L'infirmière demeure silencieuse, n'osant pas interrompre mes songes. Elle se décide tout de même à briser cet infernal silence.

- Mademoiselle ?

- Oui ?

- Que comptez-vous faire ?

- Je vais rester ici si cela ne vous dérange pas. Je pense que la première heure de cours est bientôt finie de toute façon. Dis-je d'un air absent.

- Cela ne me dérange pas du tout !

- Merci beaucoup...

A peine ces quelques mots prononcés que l'abominable sonnerie retentit, annonçant la fin de mon premier cours de ce triste jour. Je suis excédée. Je n'ai aucune envie de poursuivre ma journée comme si de rien était alors que Julian est certainement déjà à l'hôpital. Mais il le faut. J'appellerai ma mère pendant la pause pour lui demander de m'emmener à l'hôpital. Mais je dois au moins aller au cours de ce matin. Je rassemble mes affaires à la hâte, et me dirige sans conviction vers la sortie.

- Au revoir.

- Au revoir mademoiselle.

J'ajuste correctement mon sac sur mon épaule. Je me sens si frêle. Il est mon unique force, ma plus grande faiblesse. Mon corps semble ne pas pouvoir me porter. Toute mes pensées sont tournées vers lui.
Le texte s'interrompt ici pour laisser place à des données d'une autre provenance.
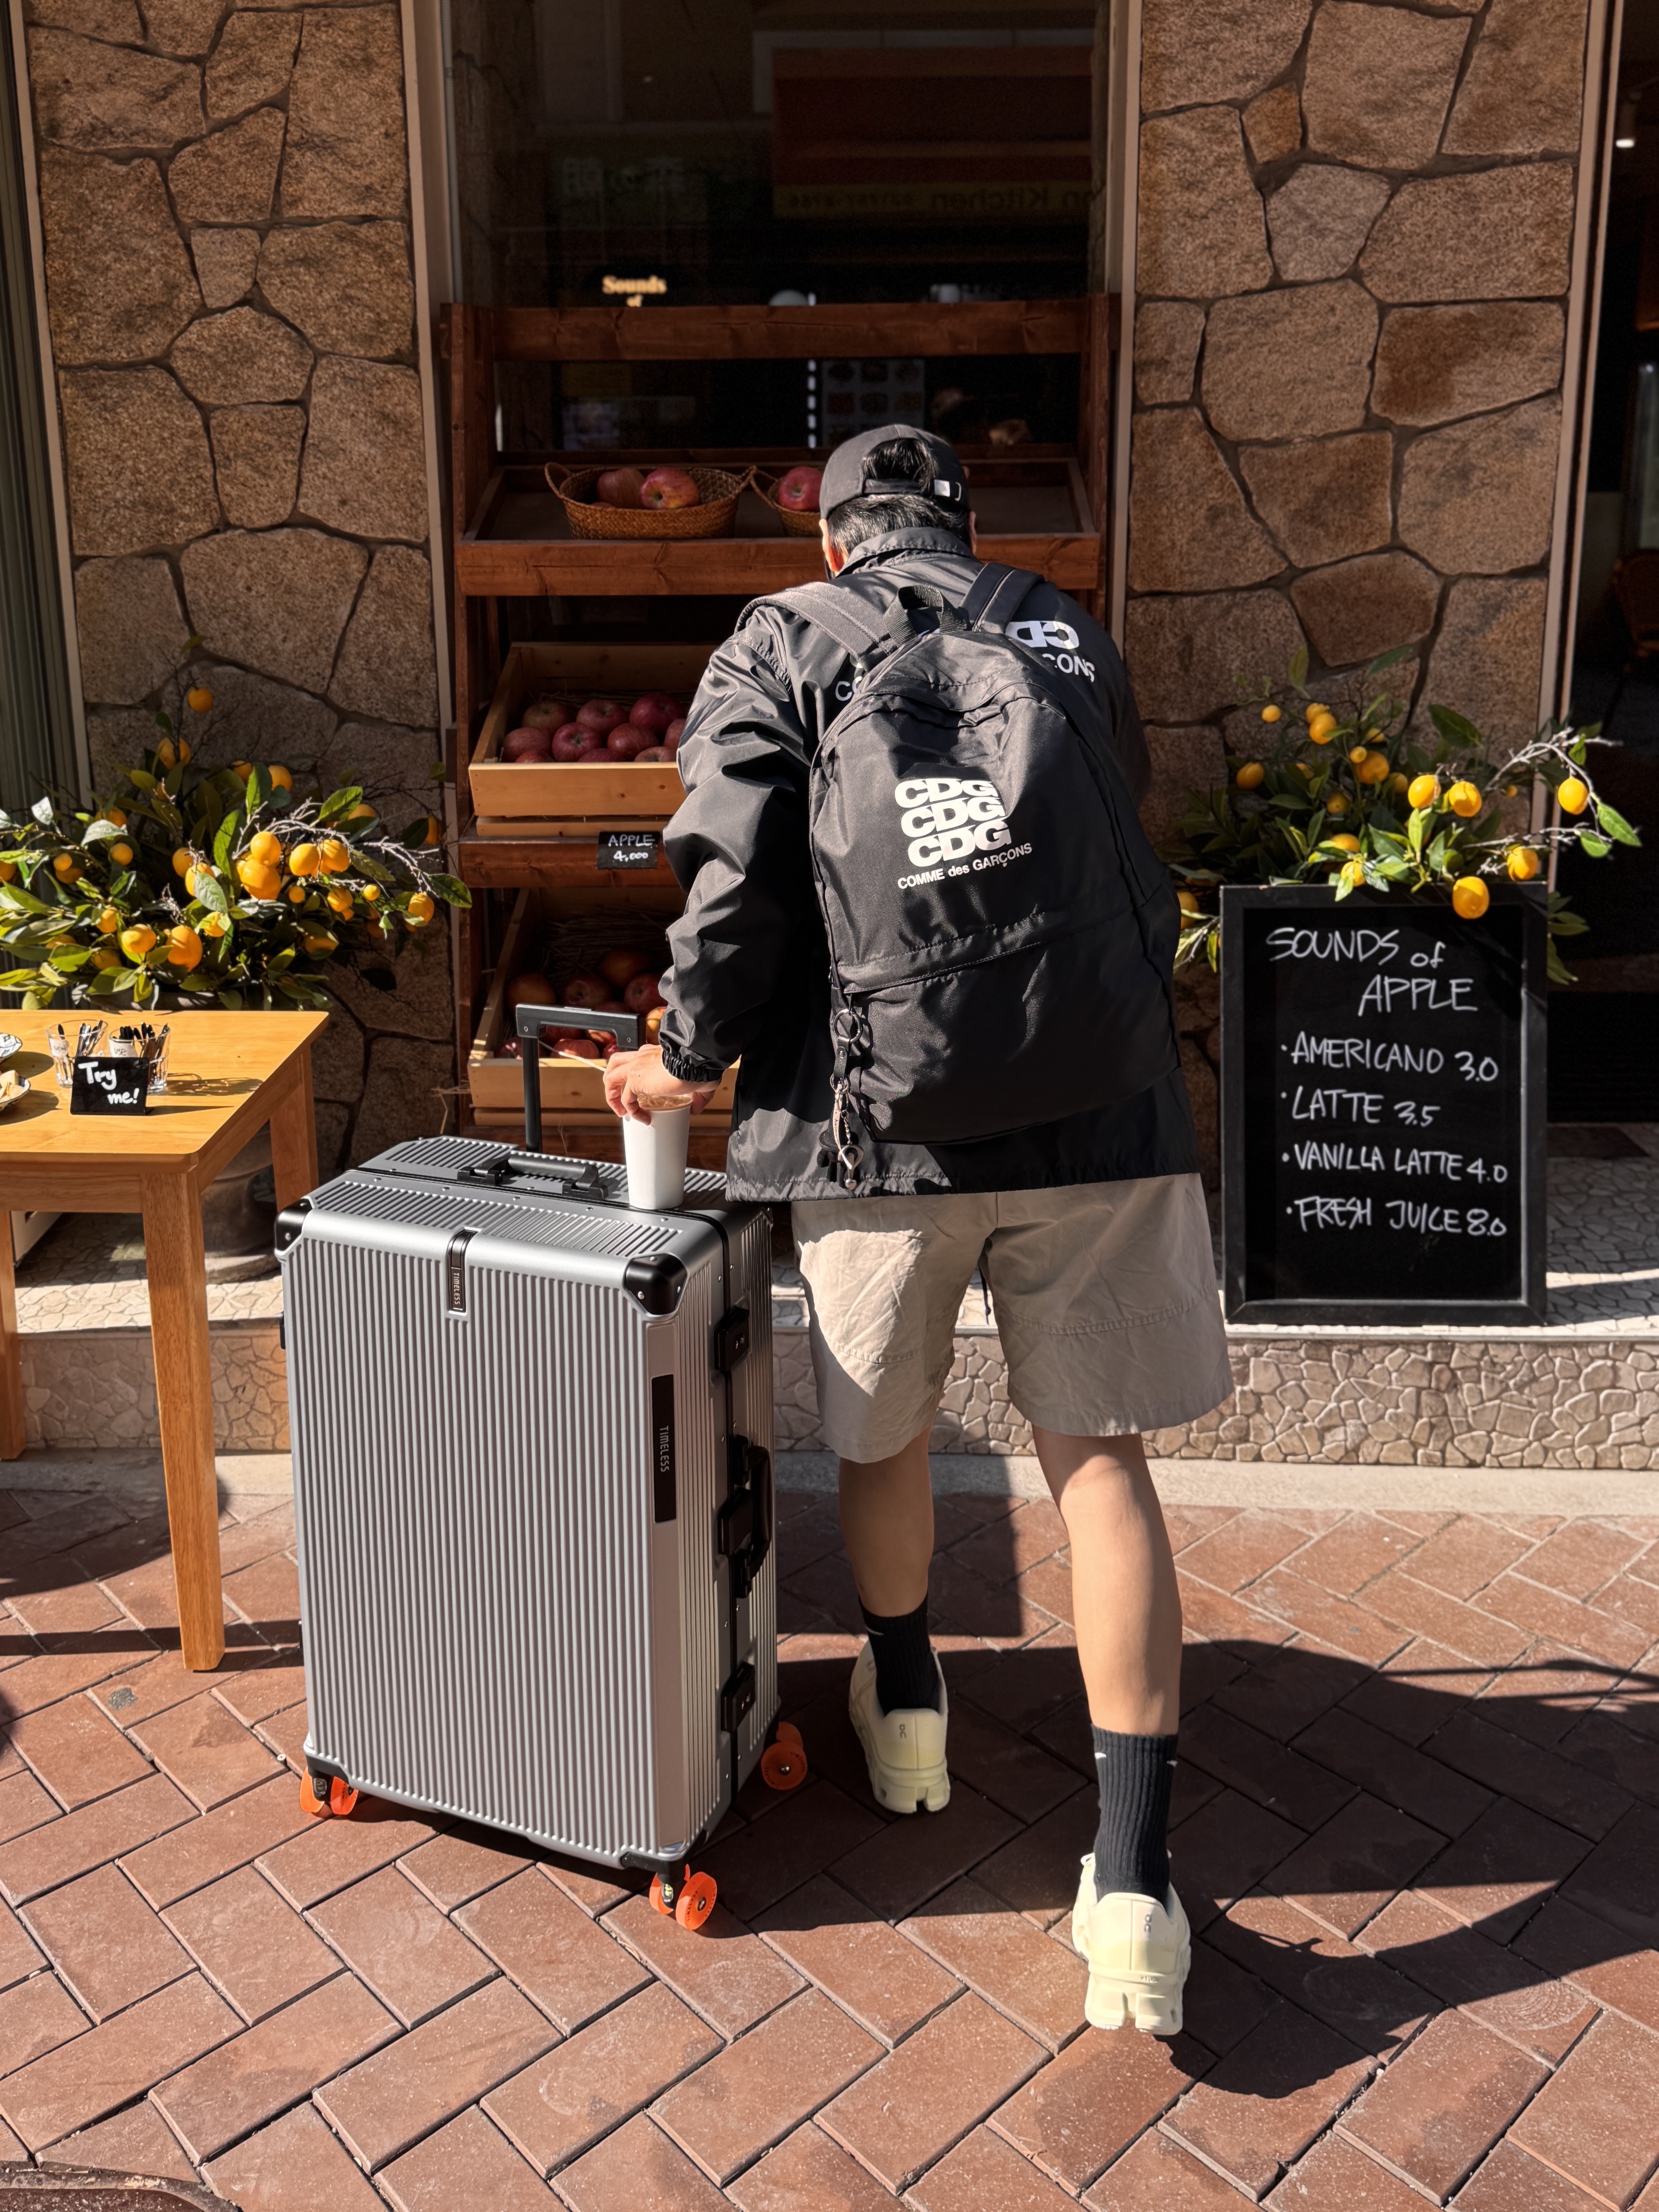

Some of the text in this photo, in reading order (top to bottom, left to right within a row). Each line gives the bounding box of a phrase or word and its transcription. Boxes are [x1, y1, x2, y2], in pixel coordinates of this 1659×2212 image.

A tel point que je ne l'entends même pas venir vers moi.

- Nolwenn !

Sa voix m'interpelle, elle semble pourtant si lointaine. Je ne suis plus sûre de rien. Seule l'angoisse me domine, la peur de le perdre. Une main s'empare de mon épaule, me secouant fortement.

- Nolwenn ! Ça va ?!

Je reprends brusquement mes esprits.

- Liliane ?!

- Oui c'est moi. Que s'est- il passé bon sang ?!

- Comment as-tu su que j'étais ici ?

- L'adjoint de la vie scolaire est venu en plein cours et nous a informé de l'accident de Julian. Il nous a dit qu'il était à l'infirmerie et qu'il serait absent.

- Oh...

- Mais que s'est-il passé ?!

- Julian a voulu mettre son plan à exécution. Il m'a demandé de le filmer entrain de.... De...

Les mots ne franchissent pas mes lèvres, étouffés dans un sanglot. Je déglutis difficilement.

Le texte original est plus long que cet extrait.